■ **WHAT IS NEEDED**
All entries are to be copied verbatim, while the pictures stay out.
─── EXCERPTED RECORDS ───
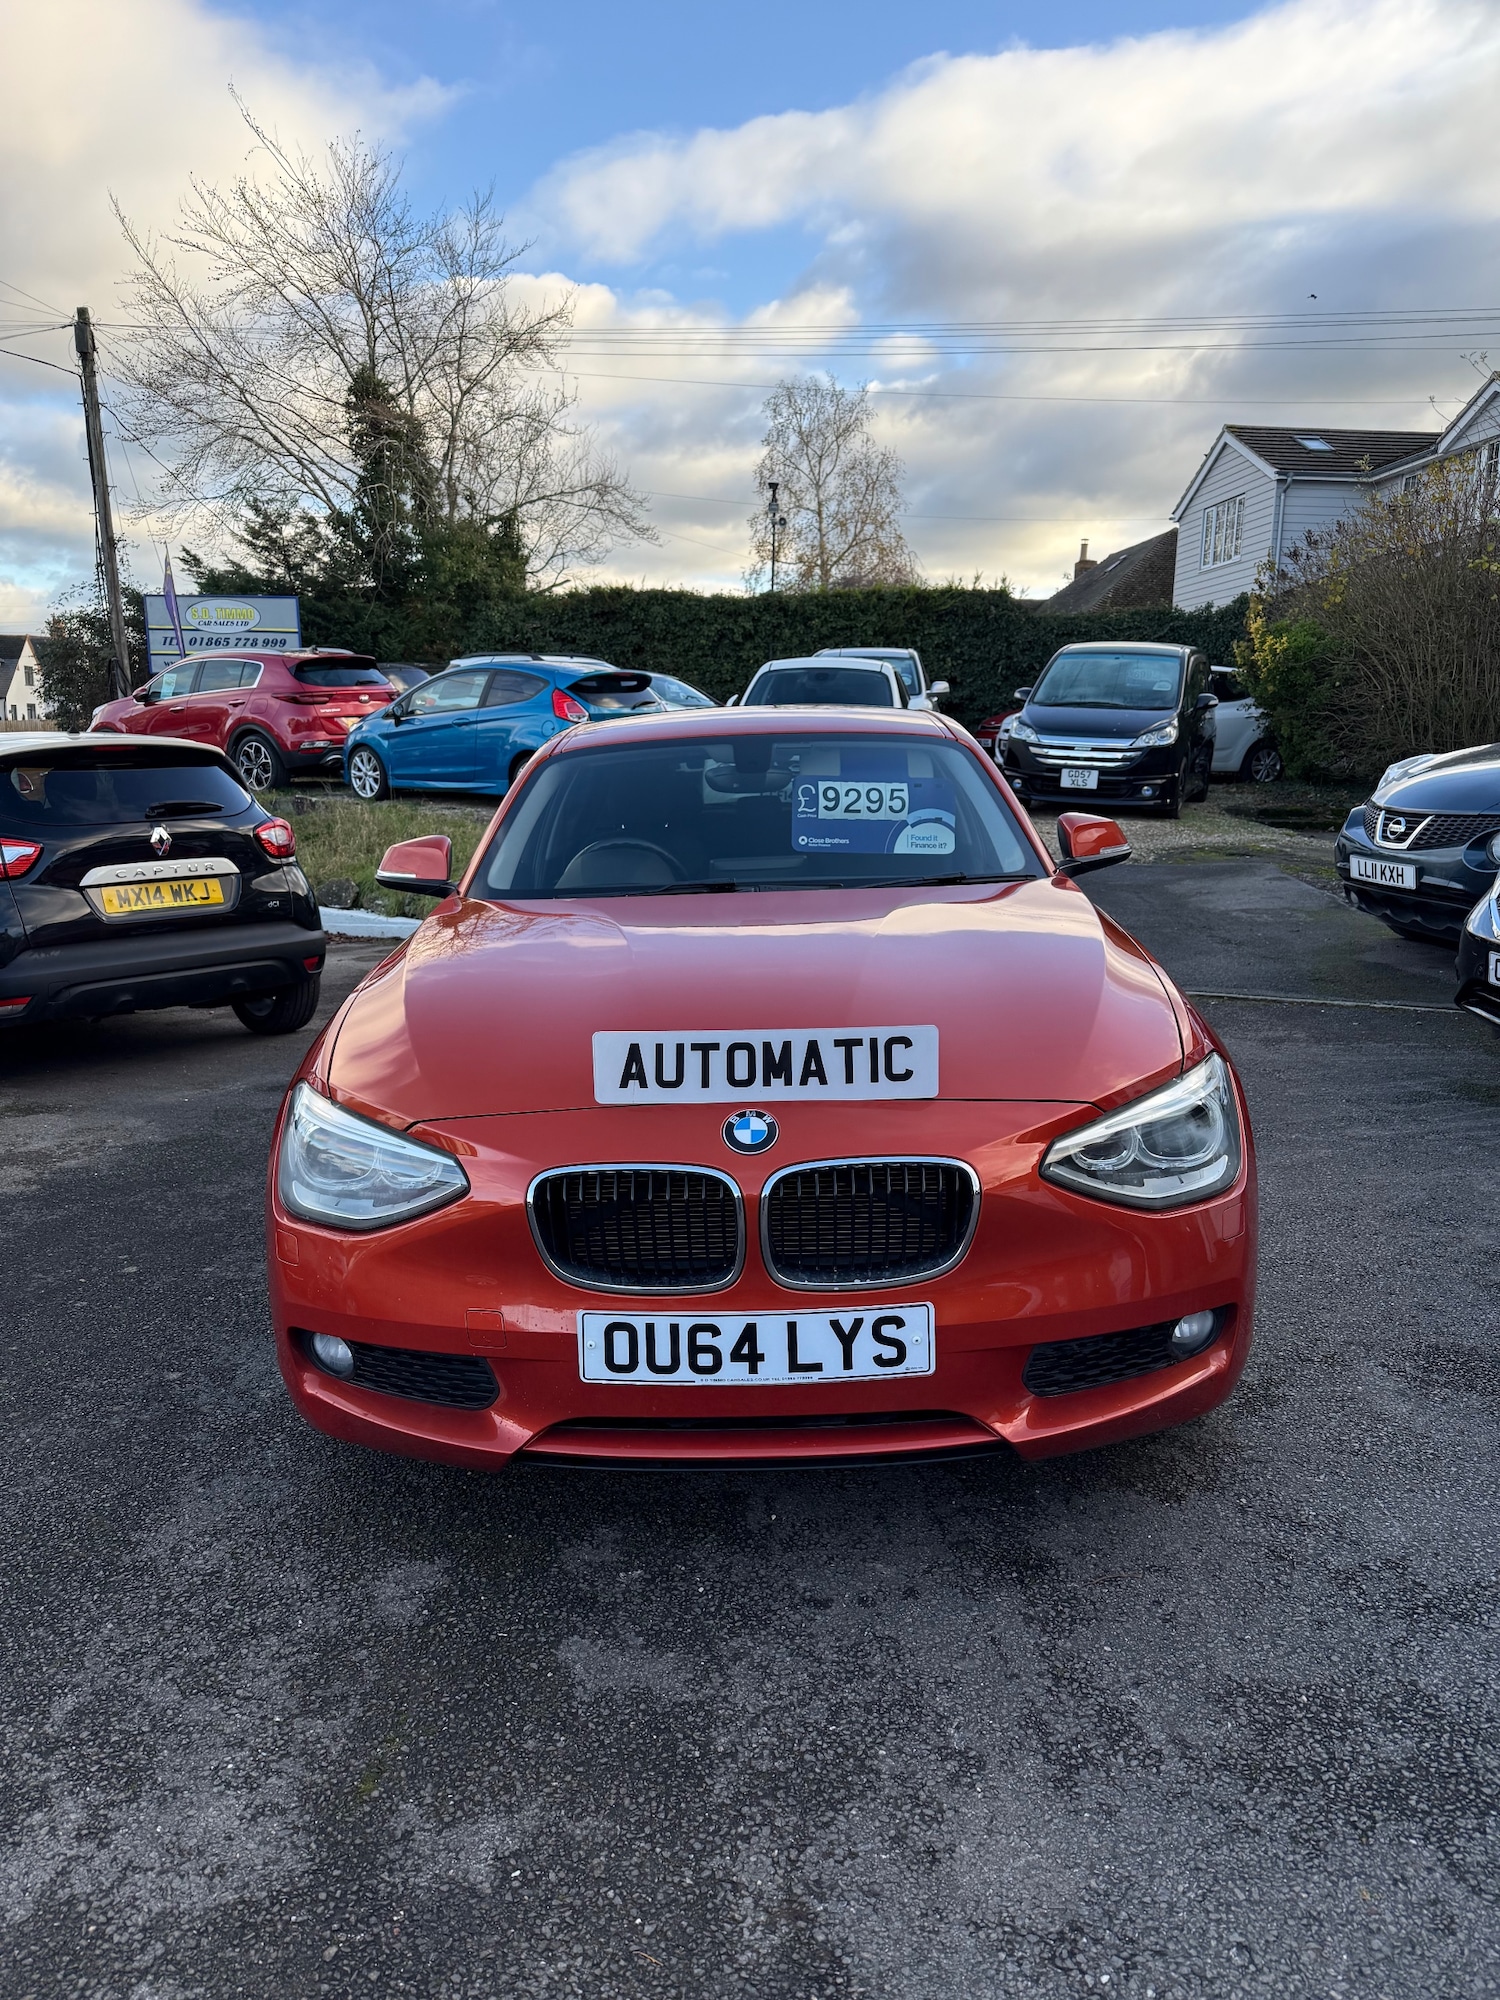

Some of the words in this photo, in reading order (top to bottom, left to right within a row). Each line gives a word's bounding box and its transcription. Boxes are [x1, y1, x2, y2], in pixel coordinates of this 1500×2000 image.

[215, 608, 255, 620] TIMMO
[162, 636, 180, 646] TE
[189, 637, 230, 647] 01865
[234, 637, 258, 647] 778
[261, 637, 287, 648] 999
[1070, 779, 1088, 787] XLS
[910, 841, 937, 849] Finance
[115, 862, 215, 879] CAPTUR
[1357, 859, 1377, 880] LL11
[1380, 863, 1404, 885] KXH
[115, 885, 165, 909] MX14
[169, 881, 211, 903] WKJ
[618, 1035, 915, 1089] AUTOMATIC
[729, 1110, 774, 1125] BMW
[603, 1321, 765, 1375] OU64
[787, 1315, 908, 1373] LYS
───
■ **OUTPUT FOR THIS EXERCISE**
Some of the words in this photo, in reading order (top to bottom, left to right within a row). Each line gives a word's bounding box and its transcription. Boxes are [x1, y1, x2, y2], in pixel coordinates of this 1500×2000 image.

[215, 608, 255, 620] TIMMO
[162, 636, 180, 646] TE
[189, 637, 230, 647] 01865
[234, 637, 258, 647] 778
[261, 637, 287, 648] 999
[1070, 779, 1088, 787] XLS
[910, 841, 937, 849] Finance
[115, 862, 215, 879] CAPTUR
[1357, 859, 1377, 880] LL11
[1380, 863, 1404, 885] KXH
[115, 885, 165, 909] MX14
[169, 881, 211, 903] WKJ
[618, 1035, 915, 1089] AUTOMATIC
[729, 1110, 774, 1125] BMW
[603, 1321, 765, 1375] OU64
[787, 1315, 908, 1373] LYS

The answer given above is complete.